* _ACTION ITEM_:
Which lines of the records contain the word "CHAMPAIGN"? Copy each one.

* _SUPPLIED MATERIAL_:
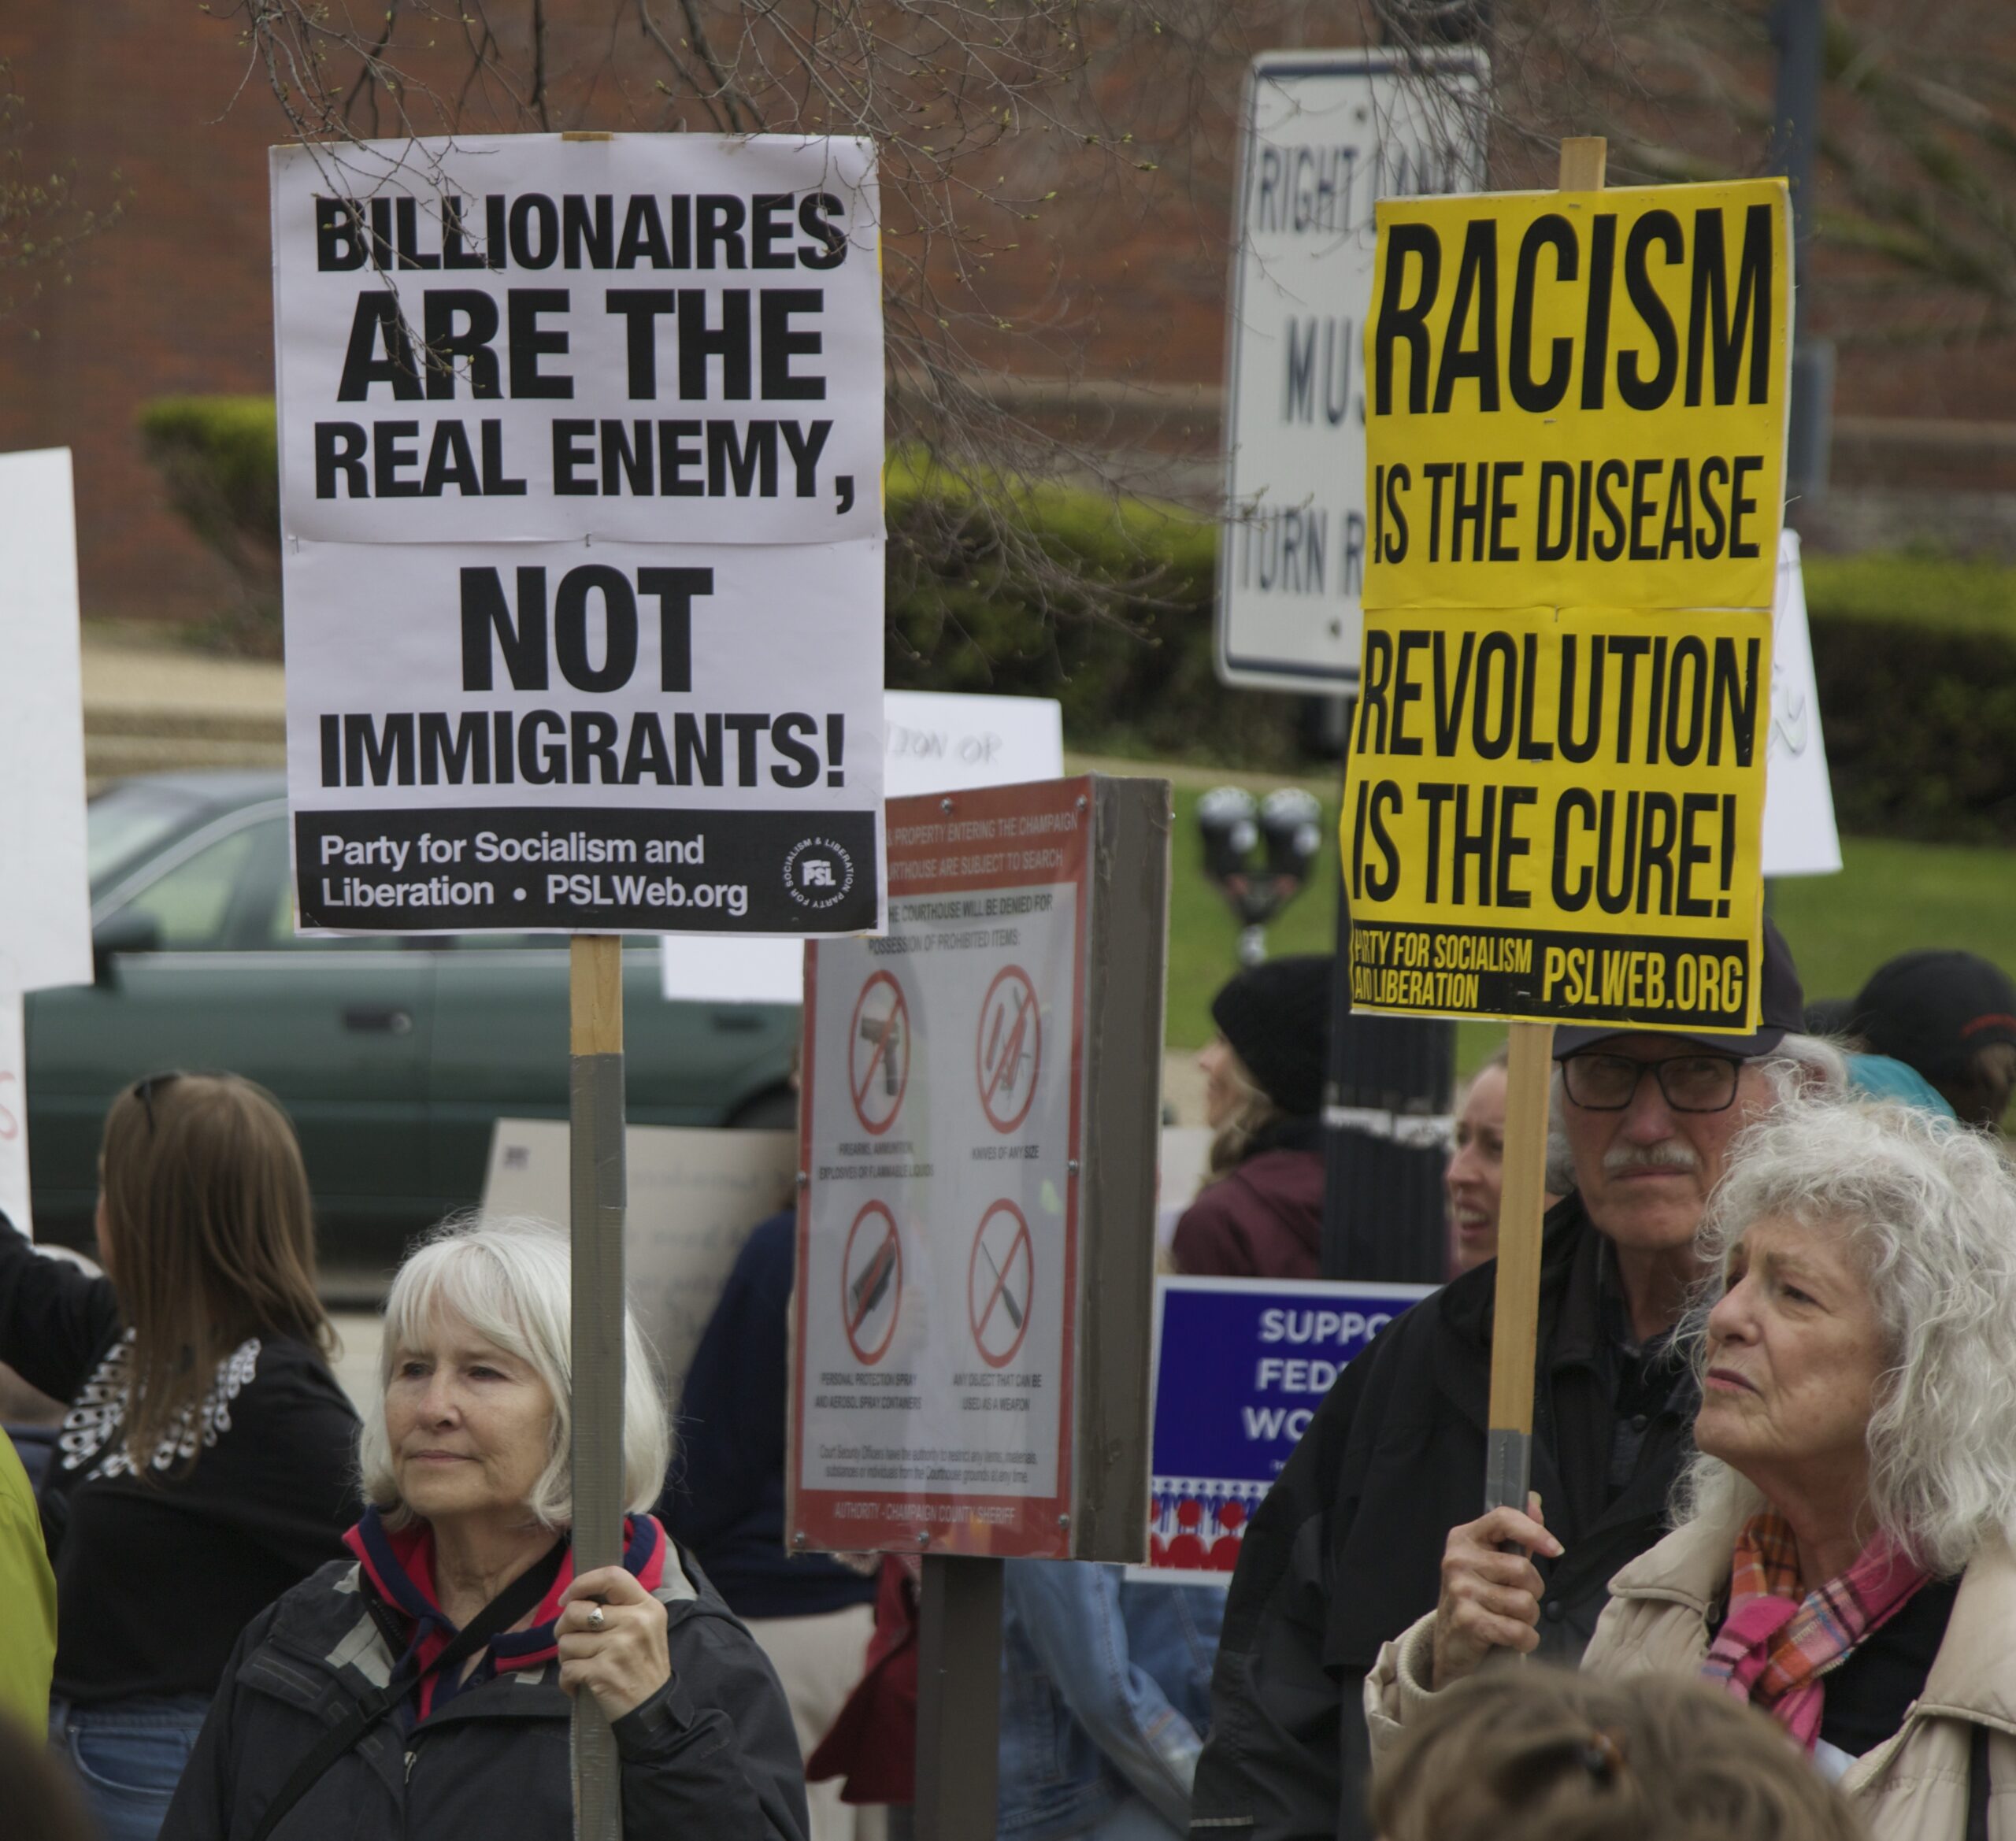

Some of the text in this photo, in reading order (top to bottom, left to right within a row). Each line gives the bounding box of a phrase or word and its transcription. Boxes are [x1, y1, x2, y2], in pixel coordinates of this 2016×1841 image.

[1260, 144, 1357, 233] RIGHT
[315, 193, 848, 273] BILLIONAIRES
[1375, 203, 1772, 417] RACISM
[337, 289, 826, 402] ARE THE
[1286, 317, 1366, 425] MU
[315, 419, 854, 514] REAL ENEMY,
[1375, 456, 1764, 565] IS THE DISEASE
[460, 564, 714, 693] NOT
[1356, 630, 1761, 768] REVOLUTION
[320, 709, 844, 787] IMMIGRANTS!
[894, 824, 945, 846] PROPERTY
[947, 819, 996, 843] ENTERING
[998, 817, 1017, 838] THE
[1019, 811, 1079, 835] CHAMPAIGN
[1352, 780, 1736, 919] IS THE CURE!
[321, 832, 704, 872] Party for Socialism and
[784, 838, 813, 887] SOCIALISM
[824, 838, 854, 892] LIBERATION
[938, 855, 958, 877] ARE
[960, 852, 1004, 875] SUBJECT
[1005, 852, 1021, 872] TO
[1023, 848, 1065, 871] SEARCH
[323, 874, 747, 916] Liberation PSLWeb.org
[802, 866, 836, 886] PSL
[790, 888, 845, 909] PARTY FOR
[902, 901, 962, 922] COURTHOUSE
[963, 898, 984, 918] WILL
[986, 898, 999, 916] BE
[1000, 895, 1032, 915] DENIED
[1034, 893, 1054, 913] FOR
[869, 934, 922, 955] POSSESSION
[924, 932, 937, 952] OF
[938, 930, 991, 950] PROHIBITED
[1392, 932, 1430, 968] FOR
[1432, 934, 1532, 974] SOCIALISM
[1373, 968, 1479, 1009] LIBERATION
[1542, 946, 1744, 1013] PSLWEB.ORG
[1024, 1145, 1040, 1160] SIZE
[1032, 1373, 1042, 1388] BE
[1254, 1357, 1349, 1395] FED
[834, 1501, 881, 1521] AUTHORITY
[886, 1502, 937, 1522] CHAMPAIGN
[939, 1504, 975, 1524] COUNTY
[977, 1505, 1016, 1525] SHERIFF

* _REPLY TO THE EXERCISE_:
[1019, 811, 1079, 835] CHAMPAIGN
[886, 1502, 937, 1522] CHAMPAIGN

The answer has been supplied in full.